SSD Battle, PCIe 4.0 Versus 3.0

X570 Required
TechSpot grabbed a few of the newer PCIe 4.0 NVMe SSDs to see how well they take advantage of the extra bandwidth PCIe 4.0 offers, with the Corsair MP600, Sabrent Rocket and Gigabyte Aorus all included. They compared them to two of the better alternatives on the market, Samsung’s 970 Pro SSD and Intel’s Optane SSD 905P.

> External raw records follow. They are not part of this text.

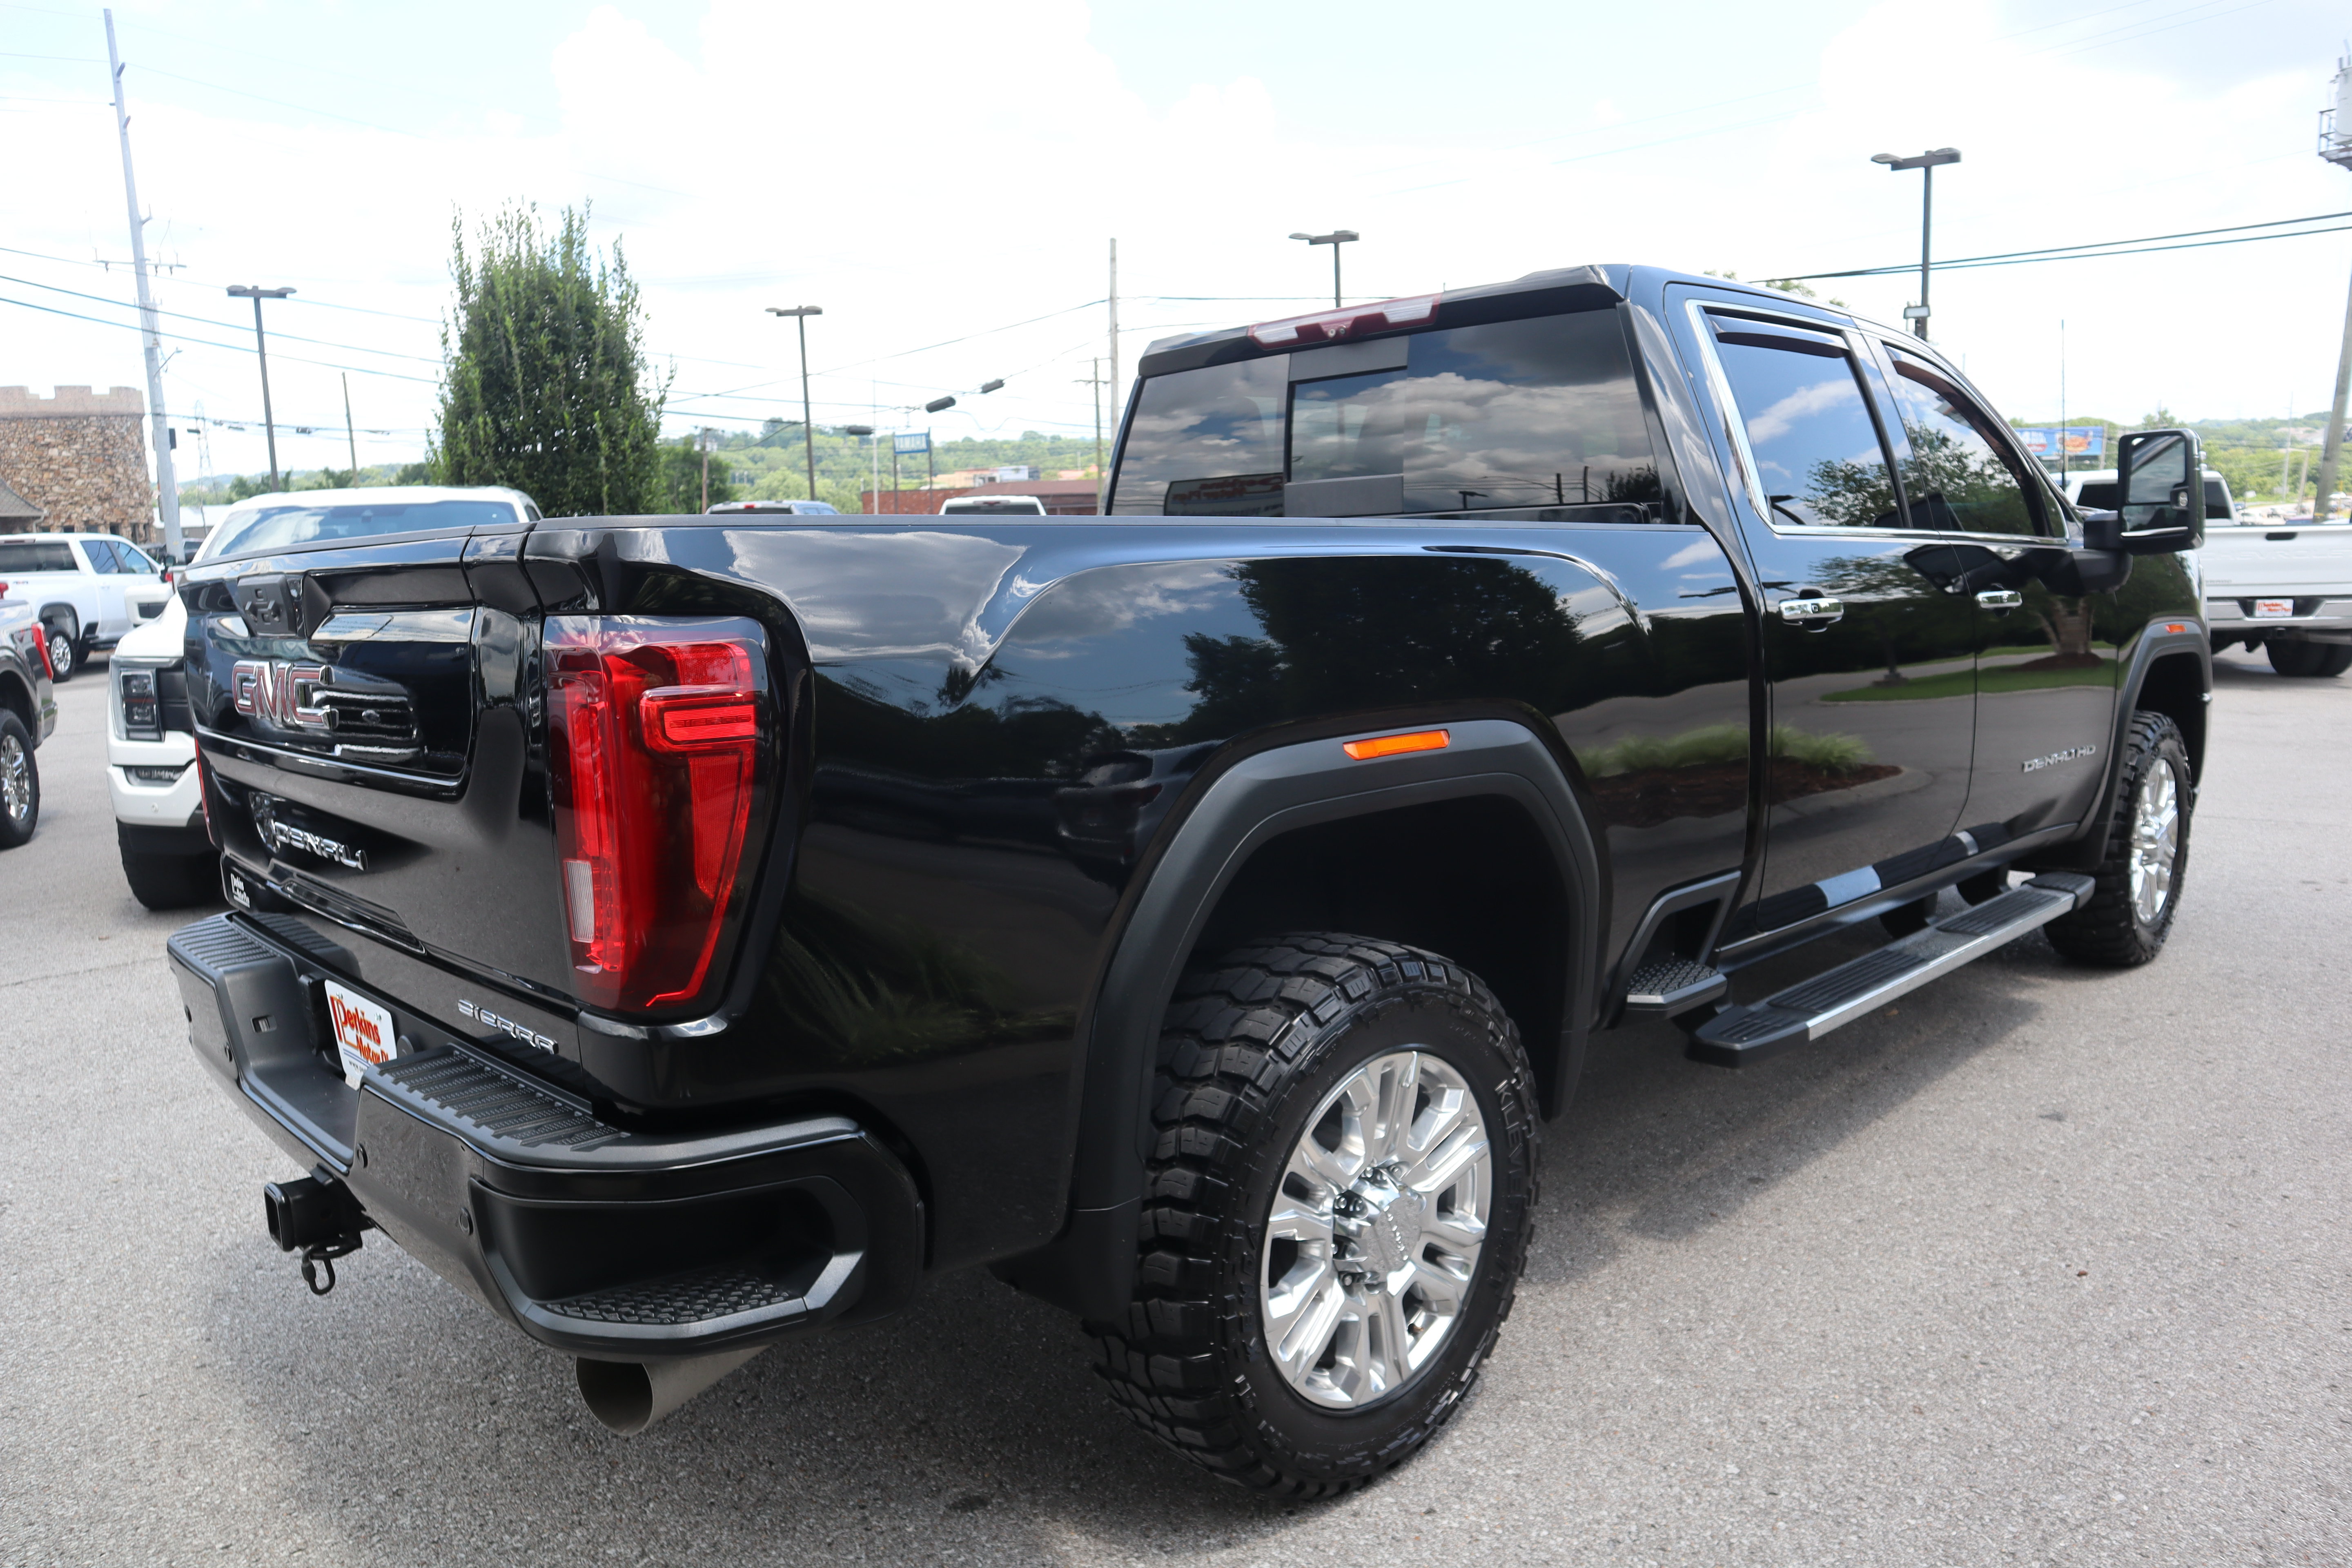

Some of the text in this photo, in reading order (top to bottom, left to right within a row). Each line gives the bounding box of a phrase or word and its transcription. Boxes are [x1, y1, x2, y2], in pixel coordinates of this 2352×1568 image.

[232, 660, 339, 730] GMC
[670, 715, 752, 728] SIERRA
[2022, 744, 2096, 773] DENALI HD
[274, 822, 368, 871] DENALI
[330, 995, 381, 1046] Perkins
[458, 999, 559, 1055] SIERRA
[1494, 1079, 1524, 1220] KLEVER

Intel’s Optane takes top spot for both performance and price, if you are willing to spend over $2000 for 1.5TB and are running a new Intel system it will give you impressive performance. For those that lack an unlimited budget, the Sabrent costs 1/10th as much as the Optane drive and edged out the other drives in most of the tests they ran. It is worth noting that in most real world tests, there is still little difference between the drives and we still have some work to do on optimizing Windows for this much storage bandwidth.
Yes, those are indeed heatpipes on the Sabrent.
In this roundup, we'll be taking a look at the new Corsair MP600, Sabrent Rocket and Gigabyte Aorus SSDs, all new PCIe NVMe 4.0 drives pitted against the excellent Samsung 970 Pro SSD and Intel's top of the line Optane SSD 905P.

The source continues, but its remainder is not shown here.